Disparate adjuvant properties among three formulations of “alum” (52.11)

Abstract

Abstract Aluminum salts, commonly referred to as “alum,” are the most common adjuvants in human vaccines and serve as a benchmark in the development of novel adjuvants. Although the mechanisms that promote humoral responses to alum-adsorbed antigens are still enigmatic, alum is thought to induce inflammatory signals that, in turn, promote antibody production. It has been noted that some formulations of alum used in animal studies, notably Imject alum®, are not the chemical equivalents of the aluminum used in human vaccines, raising concerns where Imject serves as the comparator for novel adjuvants. Here, we compared the capacity of Imject alum, Alhydrogel®, and a traditional alum-antigen (Alum-Ag) precipitate to induce humoral responses in mice to the hapten-carrier NP-CGG. Primary humoral responses elicited by Alhydrogel and the Alum-Antigen precipitate were significantly greater than those induced by Imject alum.

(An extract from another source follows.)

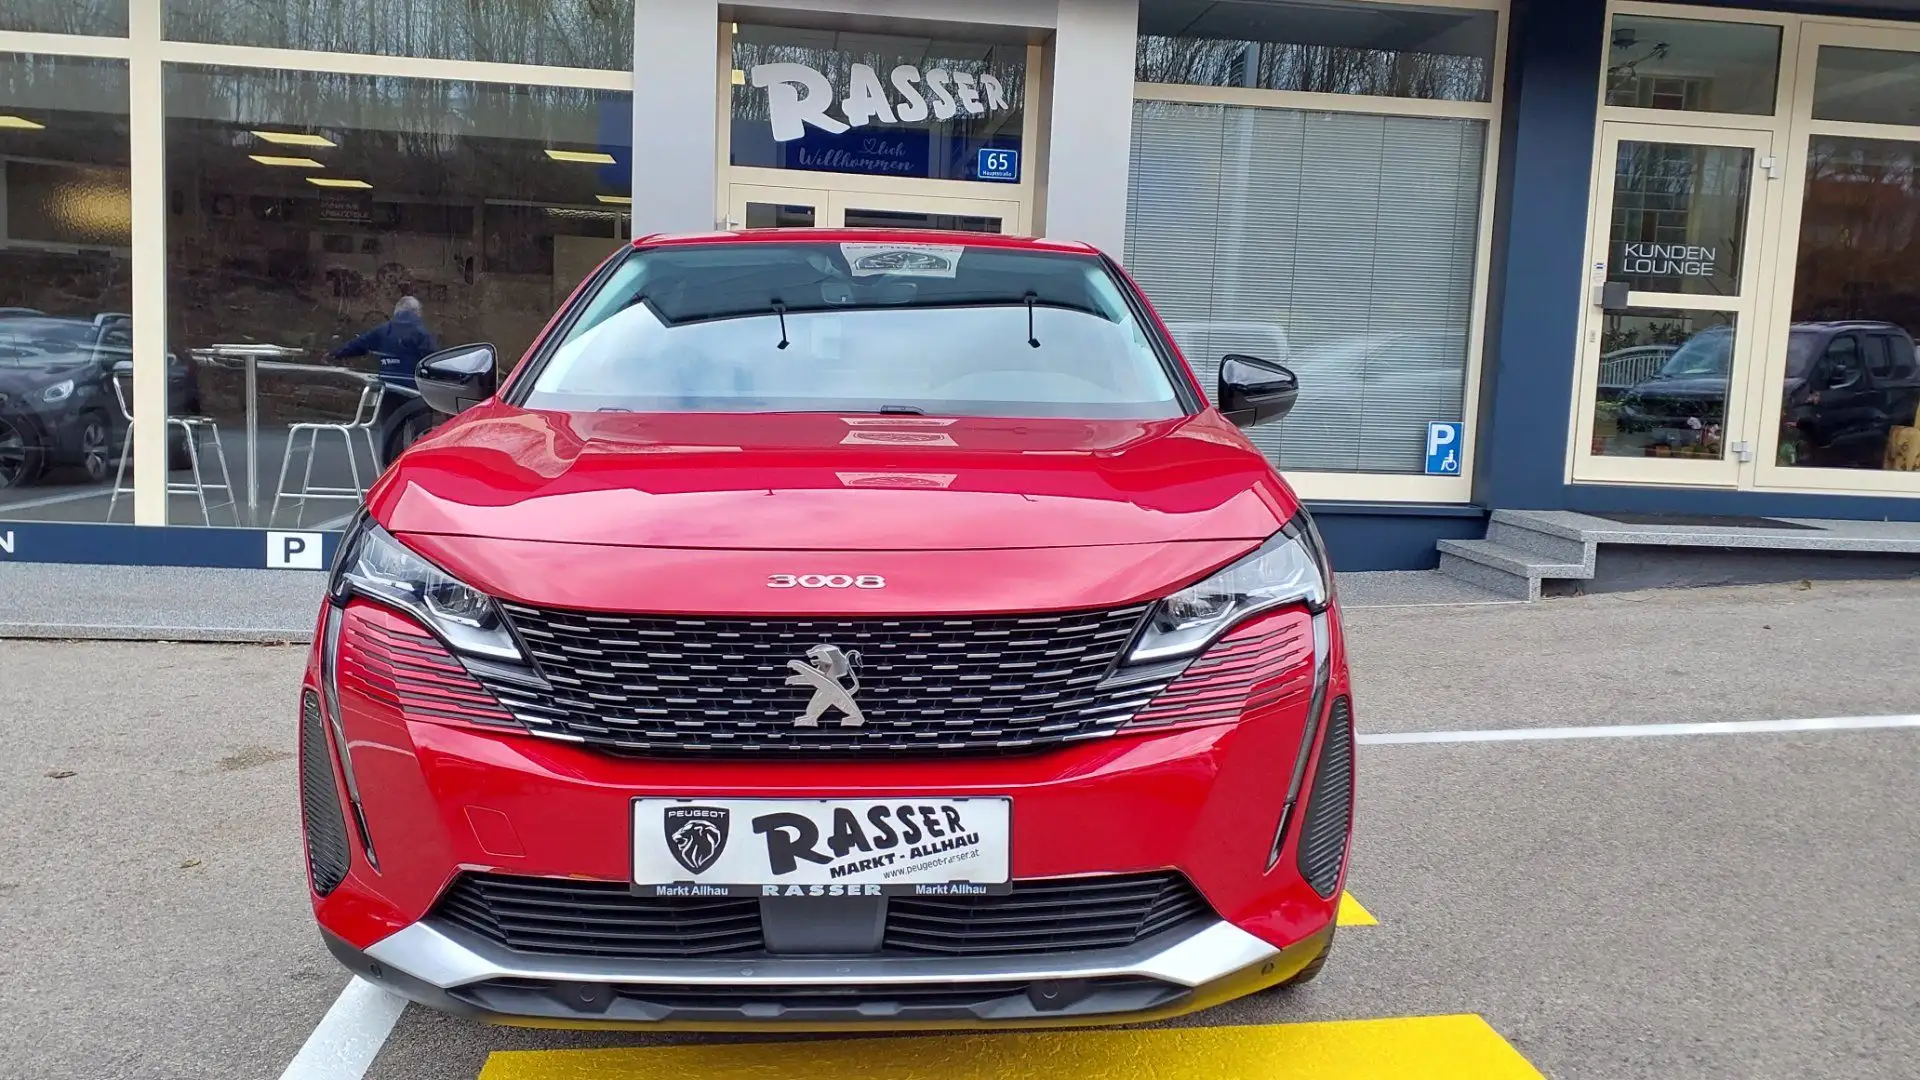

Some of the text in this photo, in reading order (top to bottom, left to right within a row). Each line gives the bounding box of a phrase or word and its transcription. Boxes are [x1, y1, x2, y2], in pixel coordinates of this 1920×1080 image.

The three alum formulations elicited comparable responses in terms of acute eosinophil and monocyte infiltration at the immunization site, but neutrophil recruitment by Imject alum was signficantly reduced compared to Alum-Ag precipitate or Alhydrogel. These findings reveal substantial differences in the adjuvant properties and inflammatory effects of distinct alum preparations, an important consideration in the analysis of new adjuvants and mechanistic studies of alum’s adjuvanticity.